Atmospheric CO2 aids plants in photosynthesis and so more CO2 in the atmosphere might, on the face of it, seem beneficial to forests. “Intact forests are playing a large role in absorbing the CO2 we’re emitting,” noted Benjamin Gaubert, the study’s lead author who works at the National Center for Atmospheric Research. “This means that global forest are helping to mitigate climate change or at least helping to mitigate the impacts of carbon emissions in the atmosphere.”
Yet even so the planet’s forests can capture only a fraction of human-caused emissions. Specifically last year they captured a total of 37.1 billion tons, which means that around 30% of annual carbon emissions are captured by forest growth globally. “Both the southern tropics and the northern temperate forests are taking up more carbon than in the past, but the amount being taken up by intact tropical forests was a particularly interesting revelation for the team,” Gaubert said.
Northern forests accounted for most of the CO2 absorption because they cover more landmass. However, tropical are most effective at trapping carbon, not least because of favorable weather conditions like year-long sunshine. “We found that carbon movements in the tropics were nearly neutral,” Gaubert said. “That was interesting for us because we know that rapid deforestation and urbanization would lead one to believe there would be more carbon outflows if [the forests] weren’t sequestering carbon faster than before.”

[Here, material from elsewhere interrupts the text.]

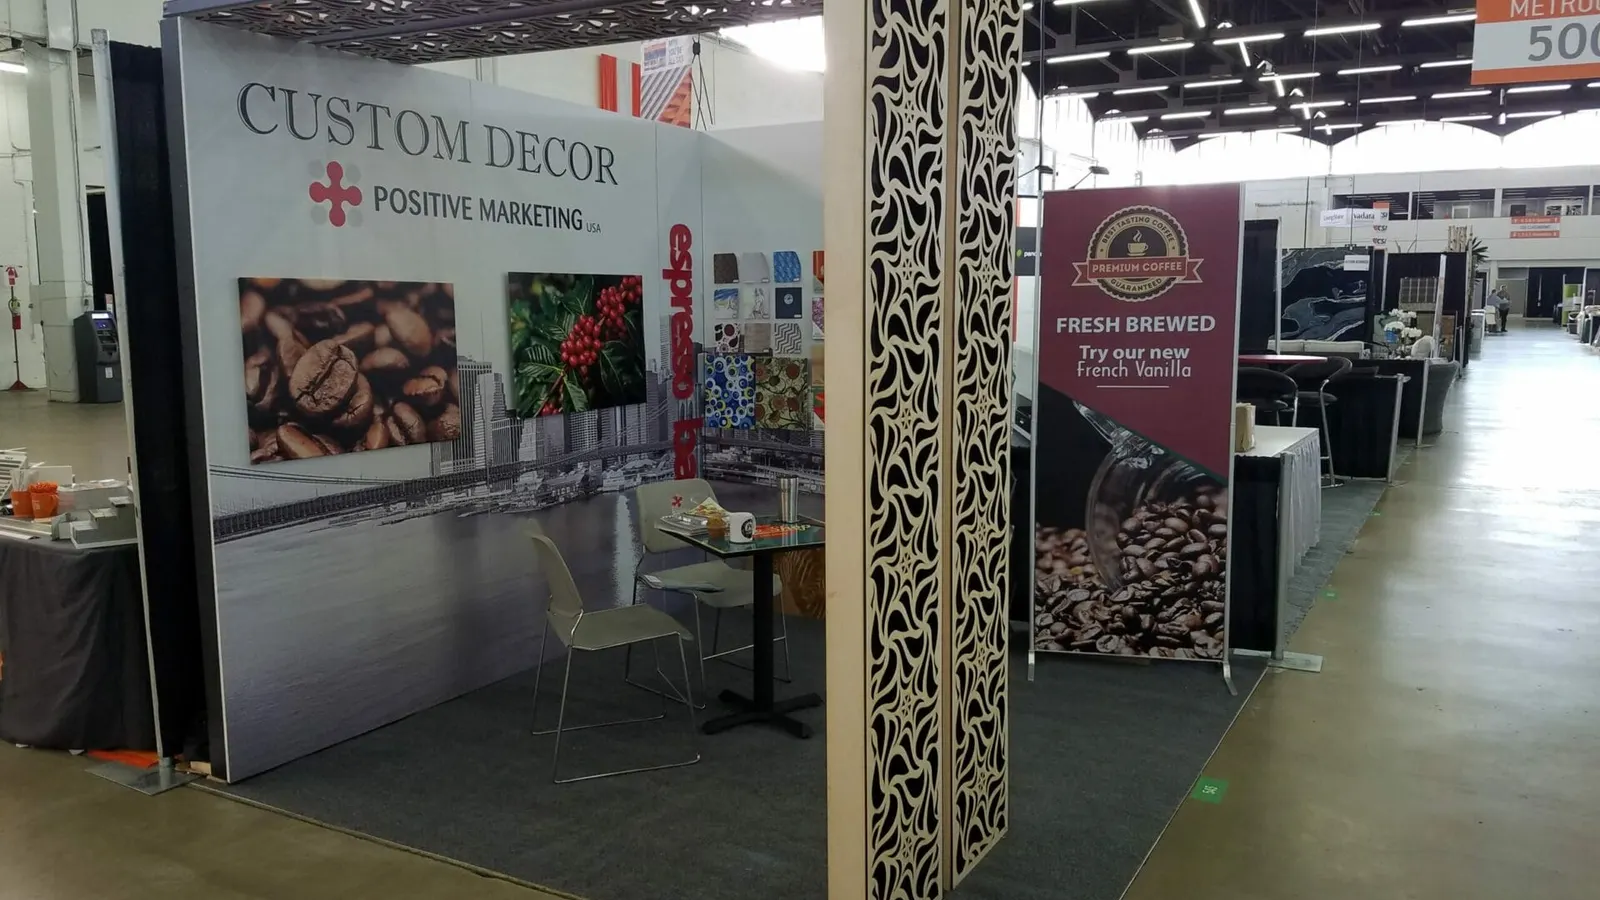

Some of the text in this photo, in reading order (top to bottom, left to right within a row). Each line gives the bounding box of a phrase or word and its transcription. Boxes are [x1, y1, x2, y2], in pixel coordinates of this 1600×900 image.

Troublingly, across the tropics, from Indonesia to Brazil, large swathes of forest are being cut down to make way for palm oil plantation, agricultural land and pastures for cattle.
Questions also remain about the effects rising concentrations of atmospheric CO2 will have on the planet’s forests, especially in tandem with rising temperatures brought on by climate change. According to another recent study, plants respond to more CO2 in the air by thickening their leaves by as much as a third.
This changes the ratio of surface area to mass in a leaf and affects a plant’s ability to perform such vital function as photosynthesis, evaporative cooling and sugar storage. Scientists are now working to find out how these physiological changes in plants might affect future climate models.